Tournez la vanne d’injection jusqu’à la position d’injection pour rincer le reste du système avec de l’eau HPLC. Une fois rincé, arrêtez le flux, quittez le logiciel de contrôle du système et éteignez les modules, en commençant par le collecteur de produits, le module de dosimètre, le module de photolyse et enfin le module fluidique. Lors de l’oxydation, l’adénine utilisée pour la dosimétrie diminue l’absorbance UV à 265 nanomètres.
Le tampon 2 contient un extracteur radicalaire, ce qui diminue le changement d’absorbance de l’adénine par rapport au tampon 1. Apomyoglobin a été modifiée en présence du peroxyde d’hydrogène et de l’adénine à quatre tensions croissantes de lampe de plasma. Six peptides ont été détectés, avec une augmentation linéaire de l’oxydation par rapport au changement de l’absorbance de l’adénine à 265 nanomètres.
Ces six peptides oxydés sont marqués sur une structure cristalline de myoglobine. L’étendue de l’oxydation détectée à partir de la lampe à plasma haute pression est beaucoup plus élevée que la méthode laser. Cette augmentation provient du spectre d’émission UV à large spectre de la lampe à plasma haute pression.

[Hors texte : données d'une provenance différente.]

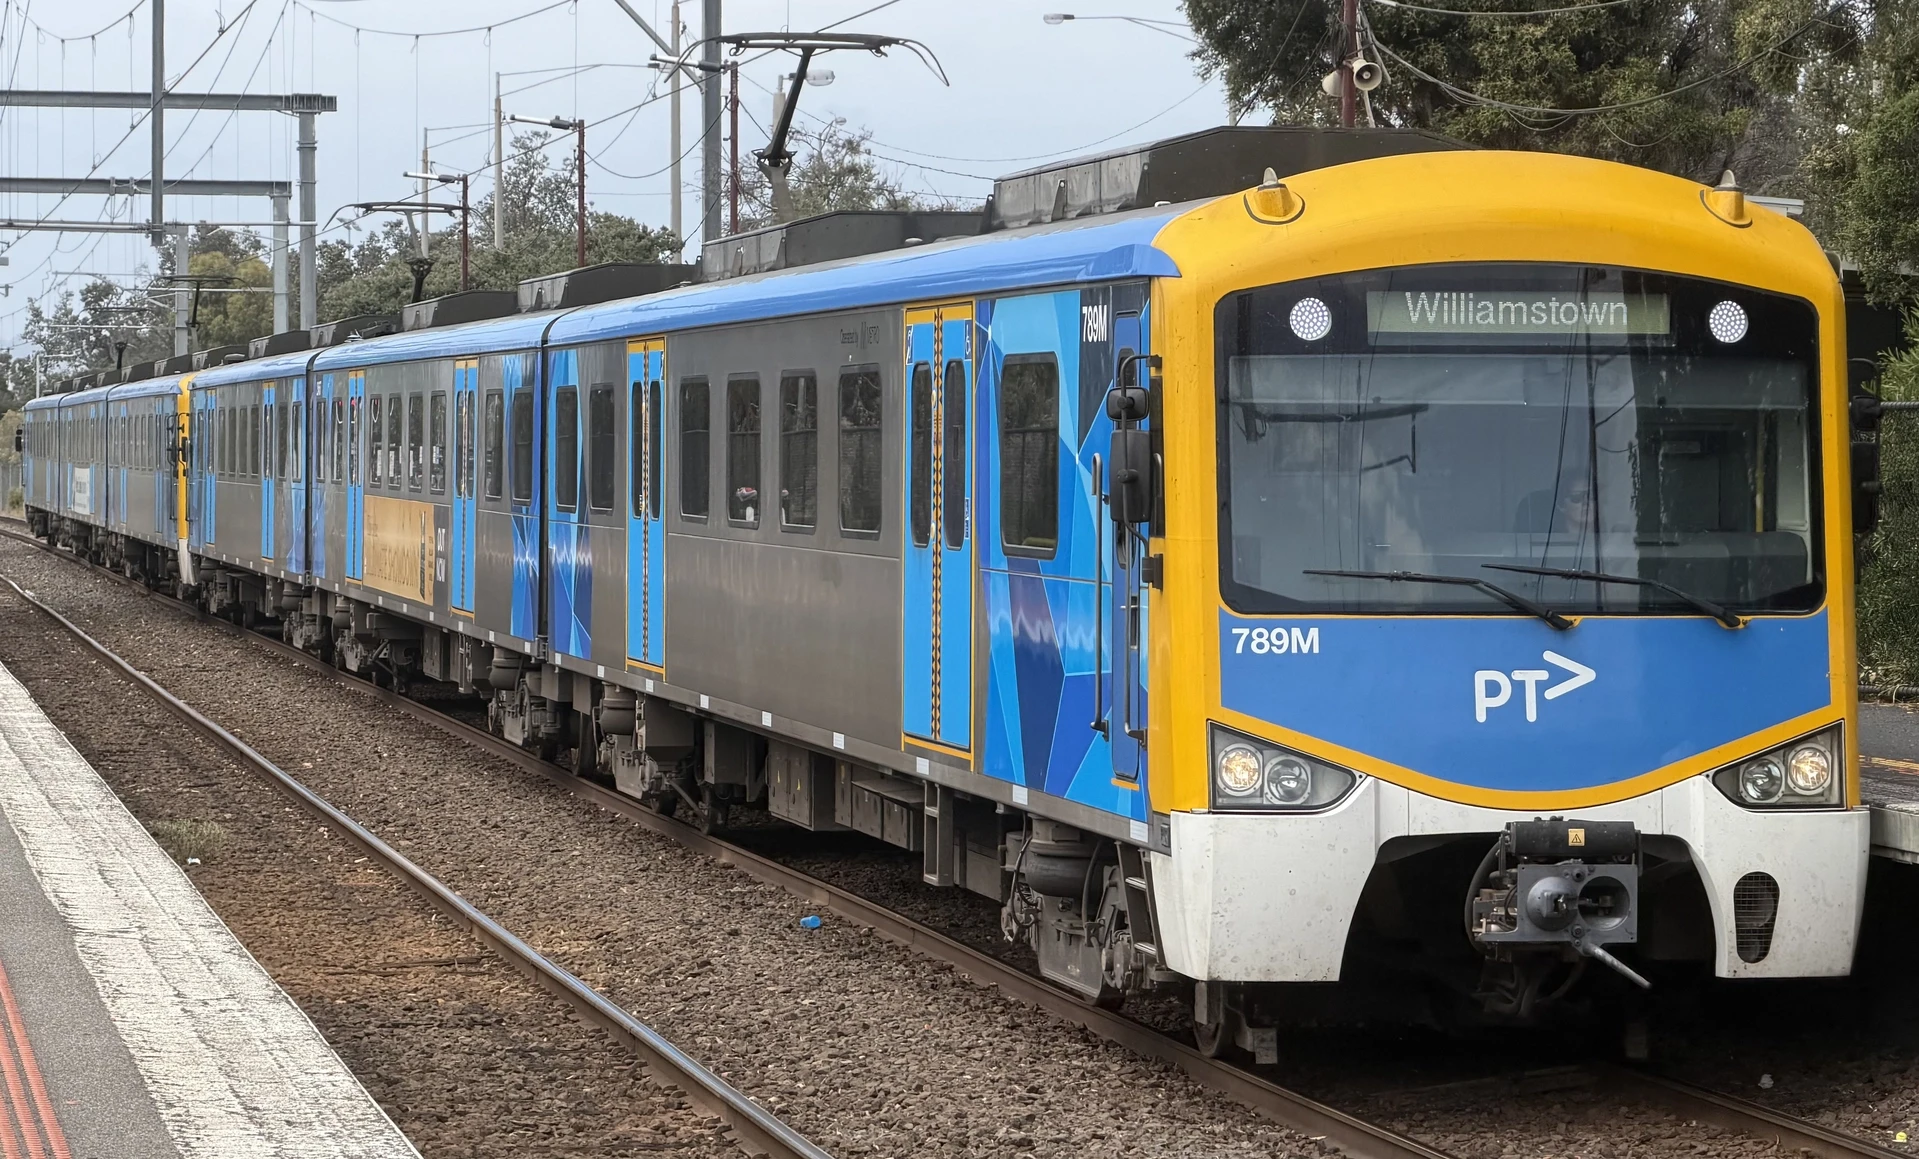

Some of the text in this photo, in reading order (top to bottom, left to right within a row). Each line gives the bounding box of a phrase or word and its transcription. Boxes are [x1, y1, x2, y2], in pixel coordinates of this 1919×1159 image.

[1082, 304, 1107, 343] 789M
[1405, 291, 1629, 326] Williamstown
[1231, 627, 1320, 655] 789M
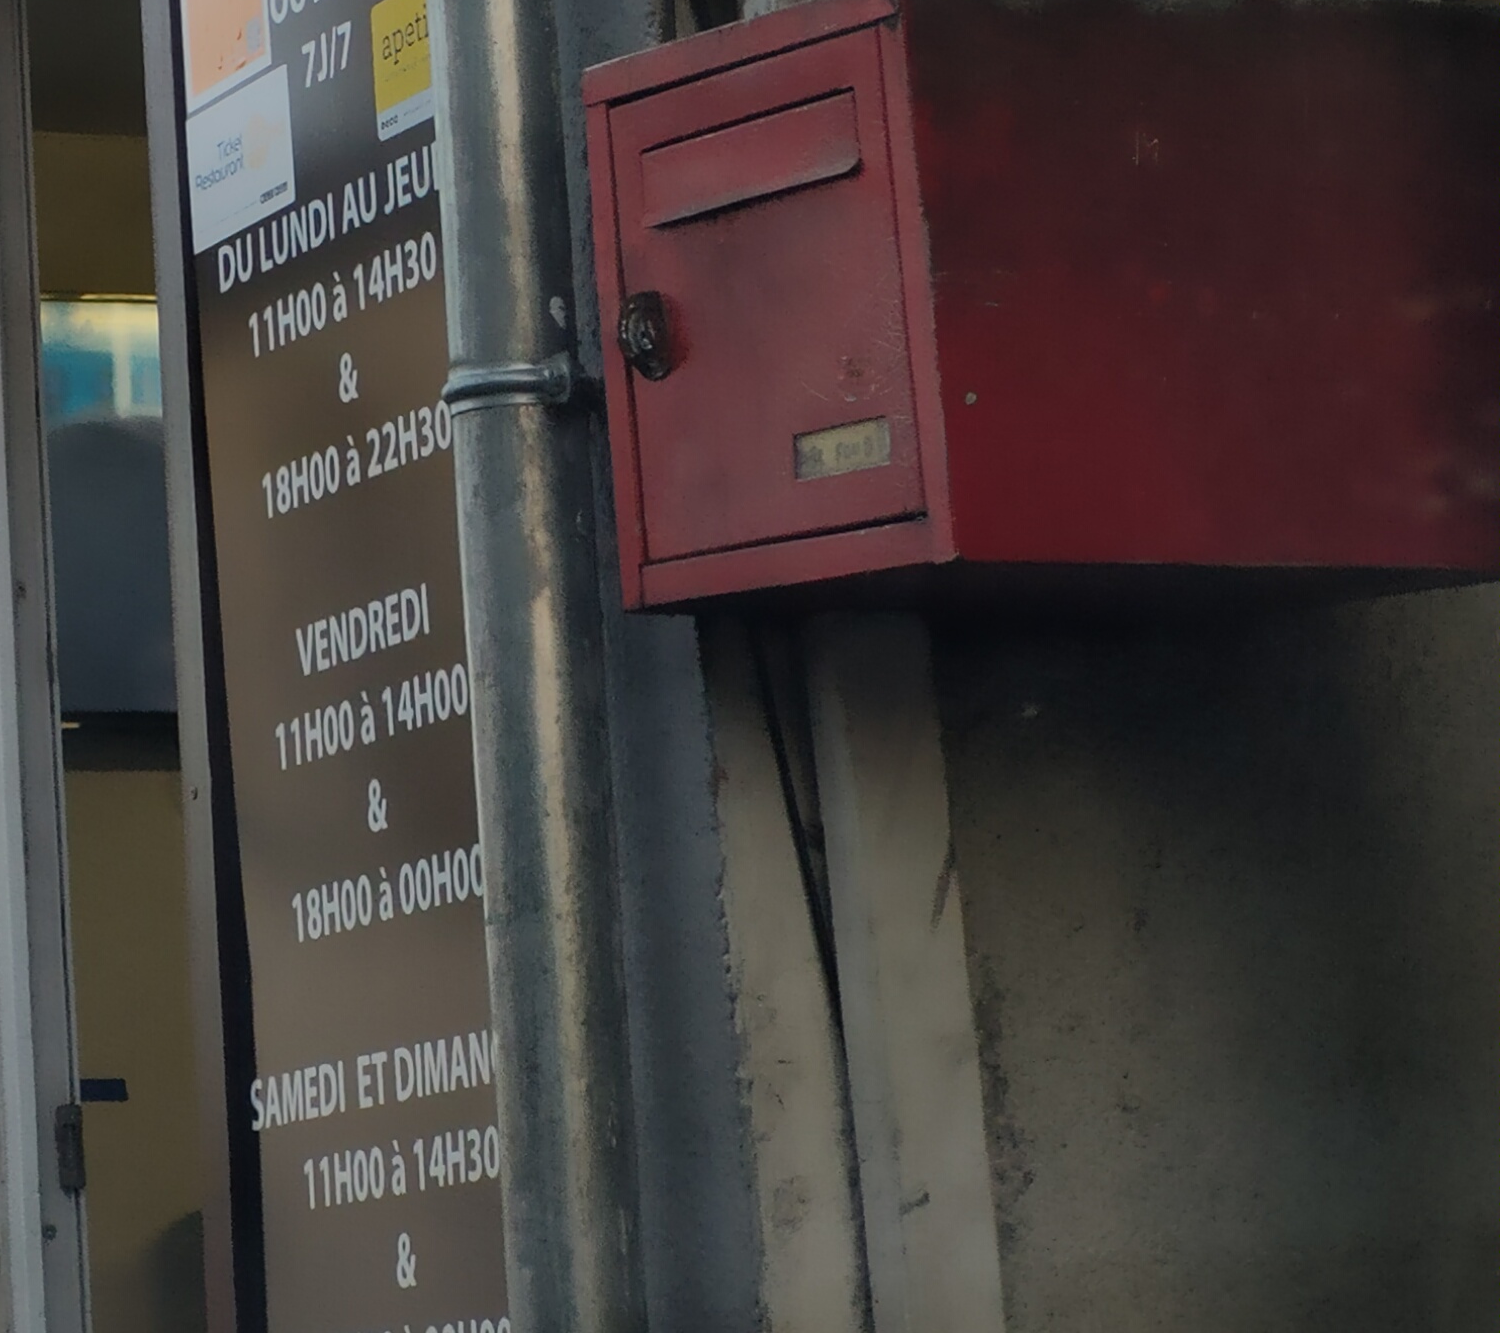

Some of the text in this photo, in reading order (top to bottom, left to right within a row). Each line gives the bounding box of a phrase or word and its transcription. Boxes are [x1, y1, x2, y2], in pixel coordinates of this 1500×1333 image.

[301, 21, 352, 88] 7J/7
[218, 142, 439, 294] DU LUNDI AU JEU
[248, 231, 437, 358] 11H00 à 14H30
[338, 351, 359, 403] &
[262, 399, 452, 519] 18H00 à 22H30
[296, 583, 430, 677] VENDREDI
[275, 663, 469, 771] 11H00 à 14H00
[367, 777, 388, 833] &
[292, 874, 372, 943] 18H00
[379, 866, 394, 922] à
[250, 1060, 346, 1131] SAMEDI
[357, 1051, 388, 1109] ET
[304, 1124, 499, 1210] 11H00 à 14H30
[396, 1233, 417, 1289] &

En produisant un large spectre UV, la lampe à plasma haute pression chevauche mieux le domaine d’absorbance du peroxyde d’hydrogène, ce qui entraîne une production plus efficace de radicaux hydroxyles grâce à la photolyse du peroxyde d’hydrogène, par rapport au laser Kr F Excimer et au laser Nd YAG. La lampe à plasma haute pression augmente considérablement la production de radicaux hydroxyles au-delà de ce qui est généralement observé à l’aide d’un laser Excimer Kr F. L’utilisation de peroxyde 100 millimolaires peut provoquer des niveaux élevés d’oxydation de fond.
Si le système protéique est sensible à l’oxydation induite par le peroxyde, diminuer la concentration jusqu’à 10 millimolaires. L’étiquette irréversible de HRPF permet la manipulation des échantillons en aval, y compris les longues digestions de protéase, vous pouvez ajouter une étiquette de masse en tandem pour le multiplexage et effectuer une chromatographie 2D, améliorant ainsi la détection des peptides et la coordination des informations structurelles.